Pan African lender Ecobank Kenya has seen its non-performing loans (NPLs) drop to Ksh. 3 billion in the first six months of the year down from Ksh. 8.1 billion recorded in a similar period last year.
According to the Business Daily, the Ksh. 5.1 billion or 62 percent decline in bad loans has been attributed to the firm implementing an aggressive strategy to balance its books.
“Three years ago, we embarked on a journey to strengthen our balance sheet. This has seen us consistently pursue strategies aimed at creating quality assets while laying greater emphasis on recoveries,” Ecobank told the Business Daily last week.
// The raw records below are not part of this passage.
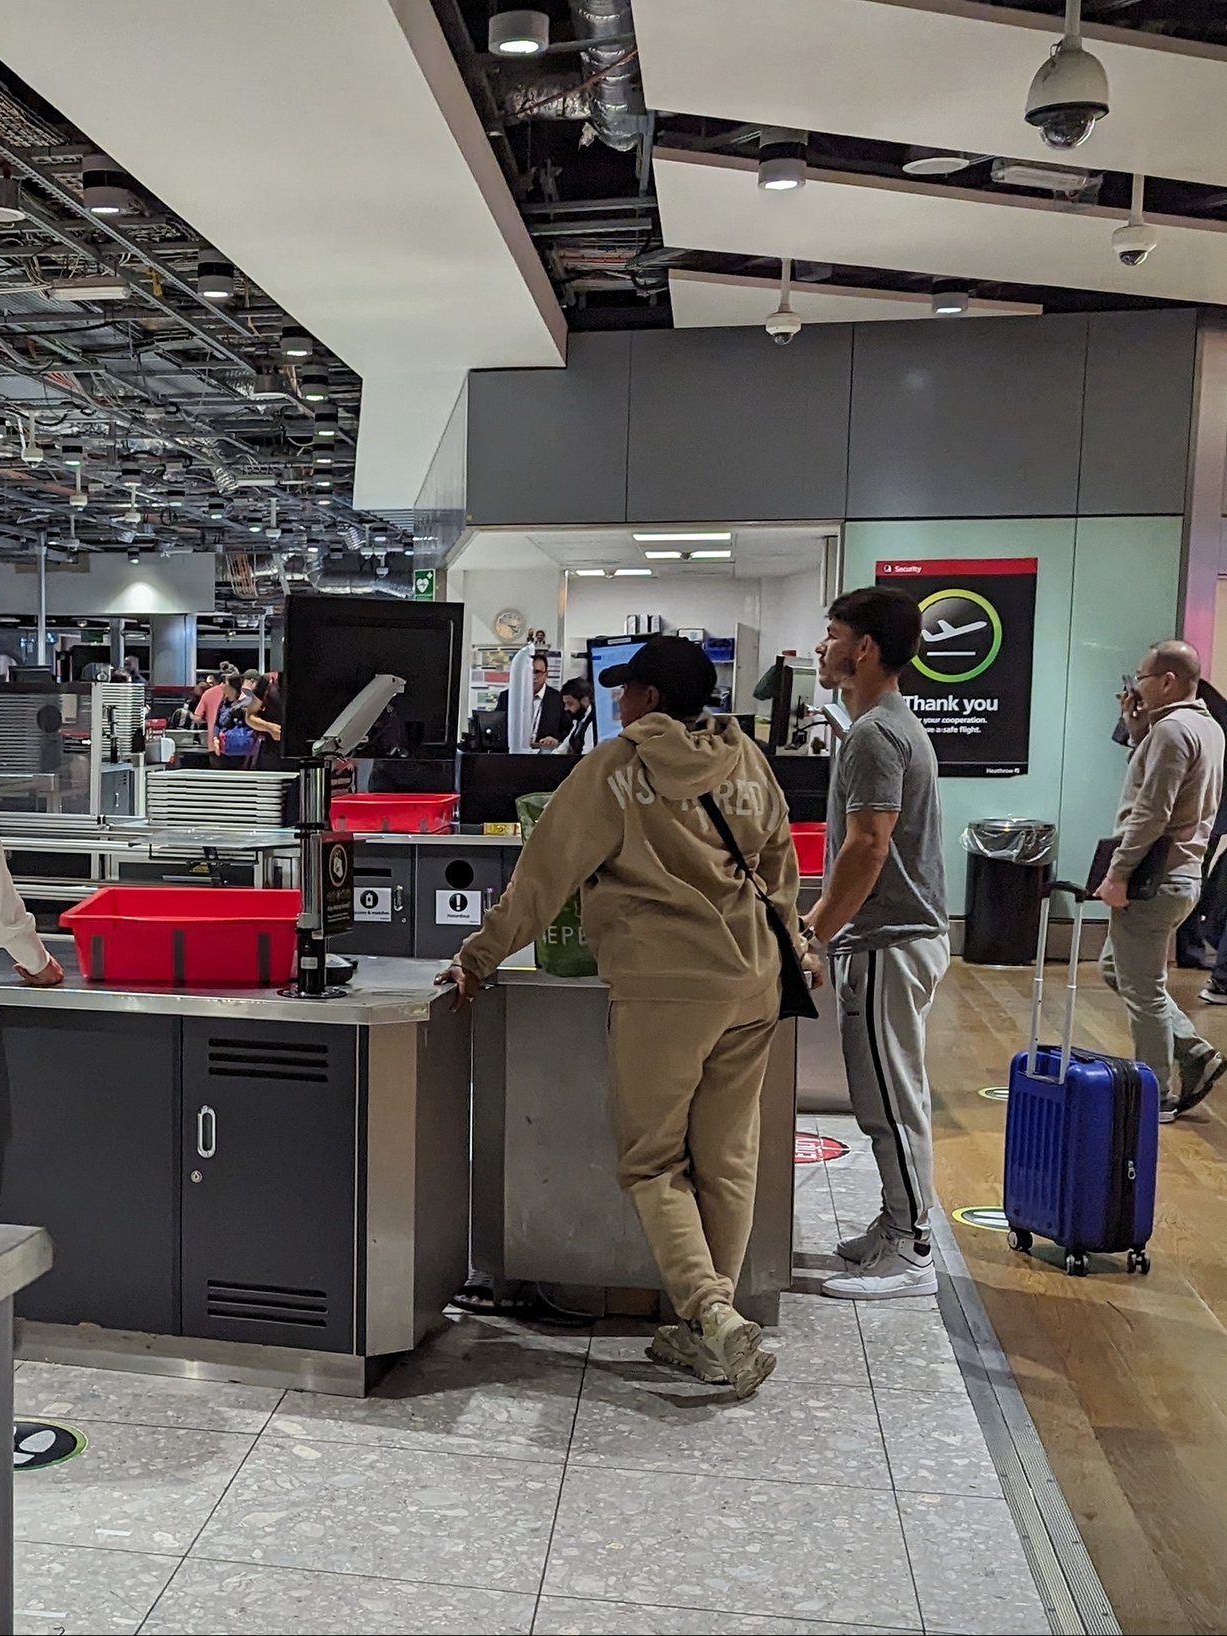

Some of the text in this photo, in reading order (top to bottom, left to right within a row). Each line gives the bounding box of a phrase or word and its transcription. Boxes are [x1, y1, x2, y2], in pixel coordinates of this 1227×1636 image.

[894, 565, 922, 574] Security
[902, 695, 999, 715] Thank you
[923, 717, 941, 725] your
[941, 716, 988, 725] cooperation.
[959, 725, 982, 735] flight.
“We recovered some of the bad loans, wrote off others while our parent company, the Ecobank Transnational Incorporated (ETI) absorbed some. We are now at a better position to attract new quality loans and finance our customers to meet their growth needs,” Ecobank added.
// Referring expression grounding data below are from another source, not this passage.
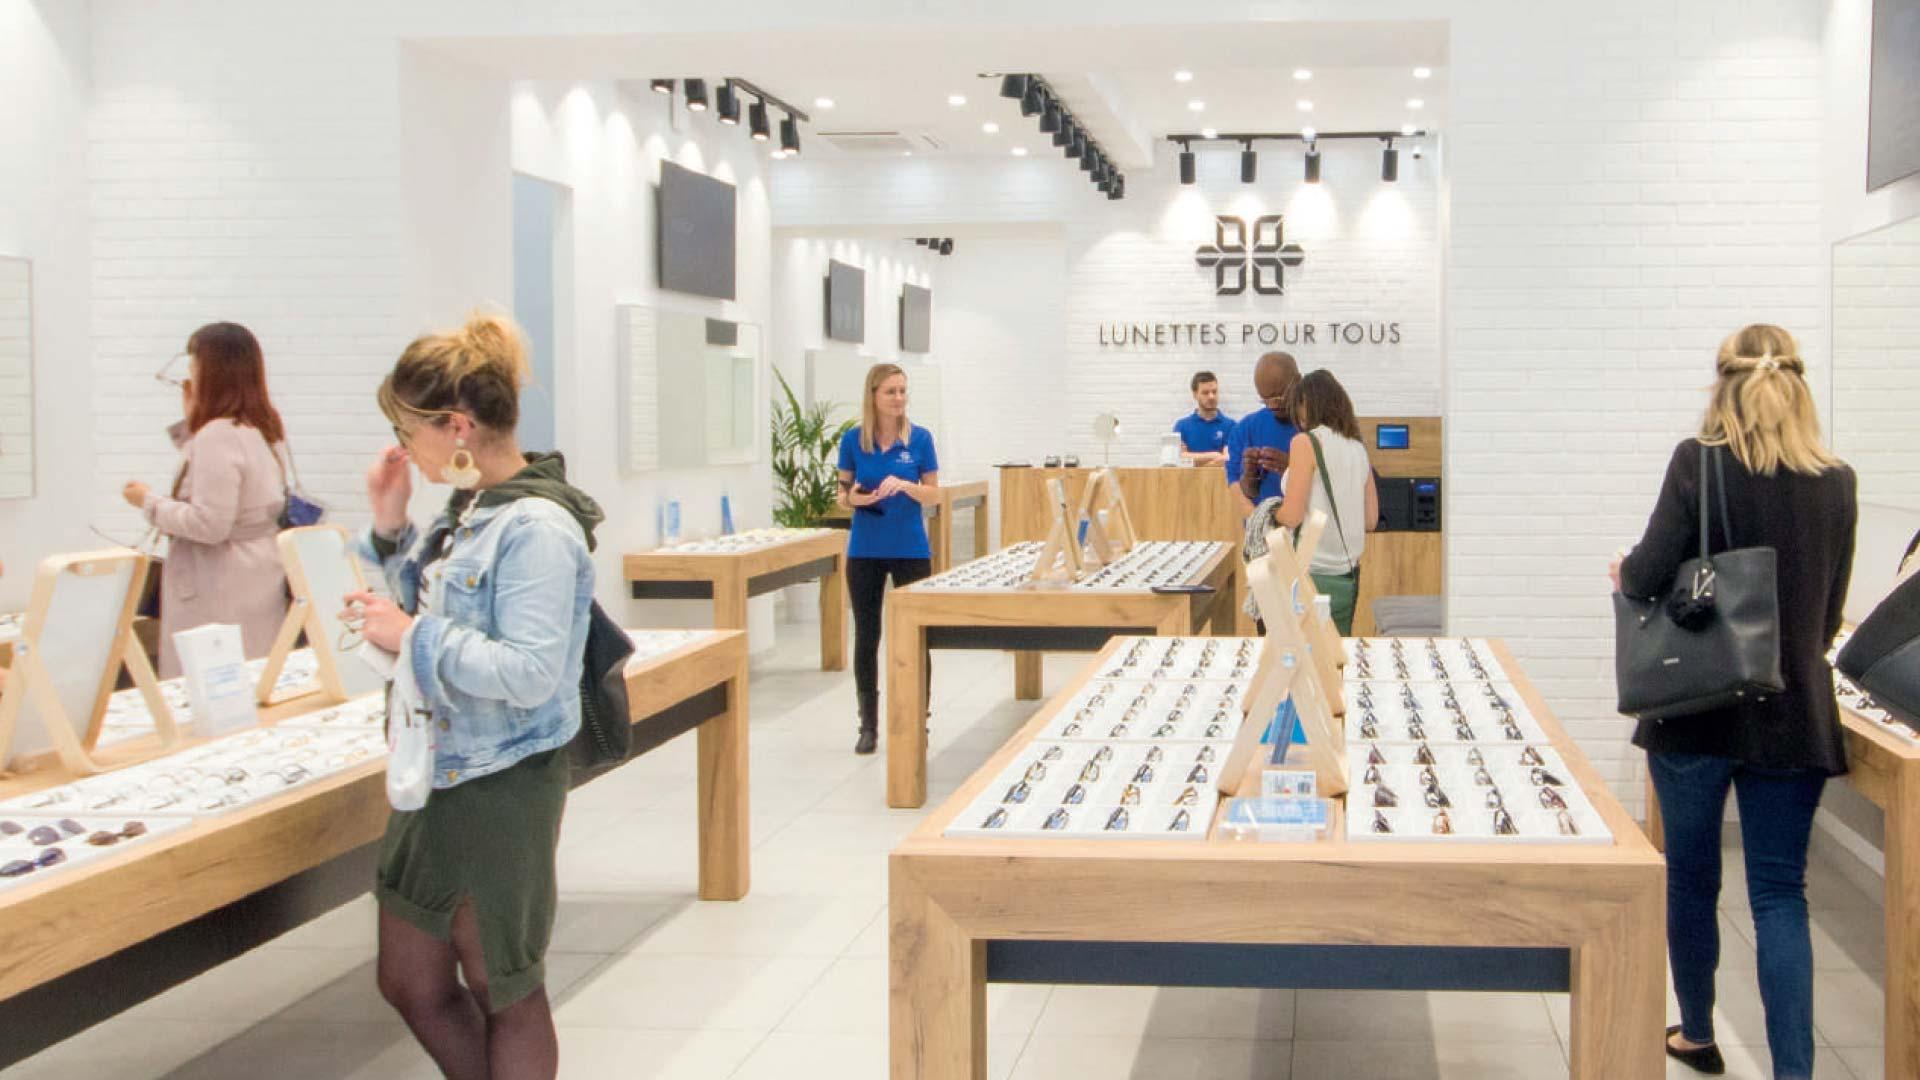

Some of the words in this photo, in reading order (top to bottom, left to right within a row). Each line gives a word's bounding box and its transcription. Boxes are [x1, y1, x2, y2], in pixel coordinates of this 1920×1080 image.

[1099, 323, 1226, 345] LUNETTES
[1242, 323, 1316, 345] POUR
[1329, 323, 1401, 345] TOUS
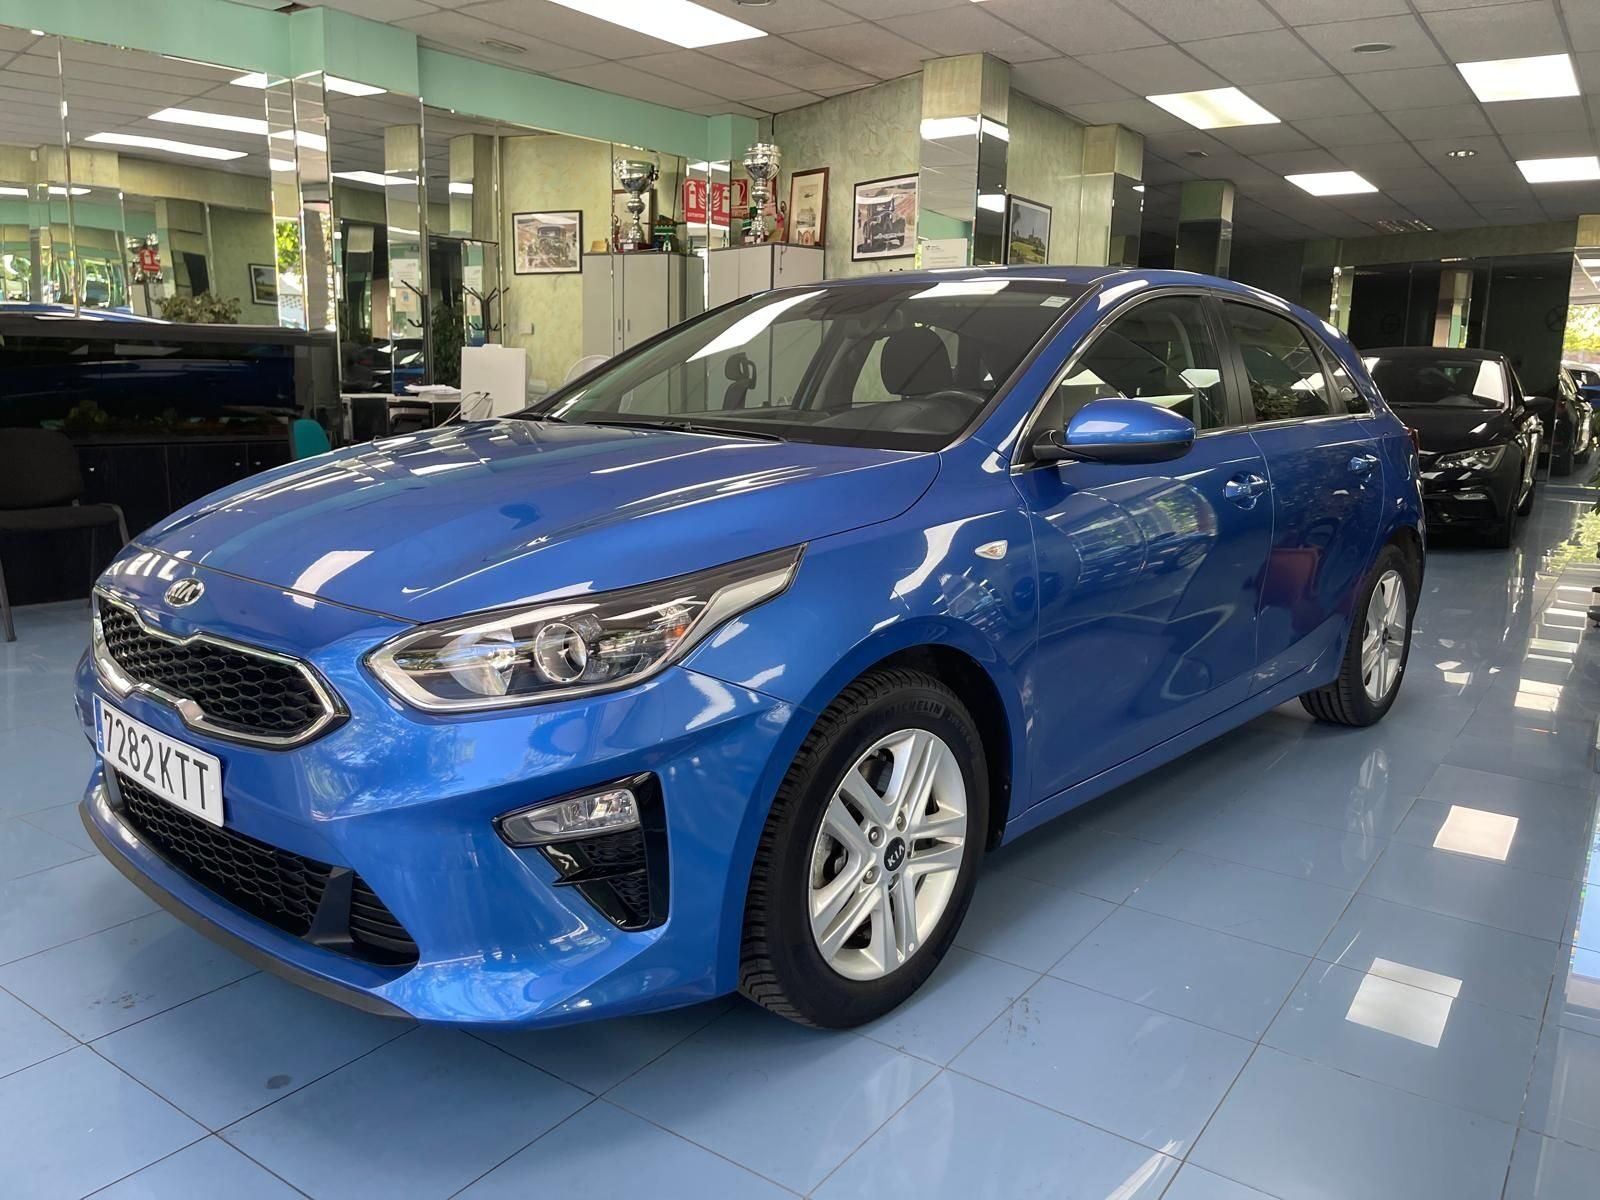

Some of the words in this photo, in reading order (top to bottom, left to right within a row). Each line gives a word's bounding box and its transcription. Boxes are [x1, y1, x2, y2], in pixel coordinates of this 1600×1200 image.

[169, 580, 197, 601] KIA
[104, 709, 209, 810] 7282KTT
[887, 844, 905, 867] KIA
In the period under review, the bank’s loan loss provisioning fell by Ksh. 63 million to Ksh. 34 million while loans grew from Ksh. 14.3 billion to Ksh. 20.7 billion. Interest from the loans grew to Ksh. 829 million up from Ksh. 804 million recorded in the first half of 2018. This contributed to the bank registering a Ksh. 140 million post tax profit up from Ksh. 61 million recorded in a similar period last year. Commissions on loans also contributed to the improved performance after jumping by 50 percent to Ksh. 161 million in the period under review up from Ksh. 105 million recorded a year earlier.
Despite the significant increase in profits, the Business Daily reports that the bank’s NPLs proportion makes up 14 percent of the lender’s loan book, which is higher than the industry rate of 12.6 percent.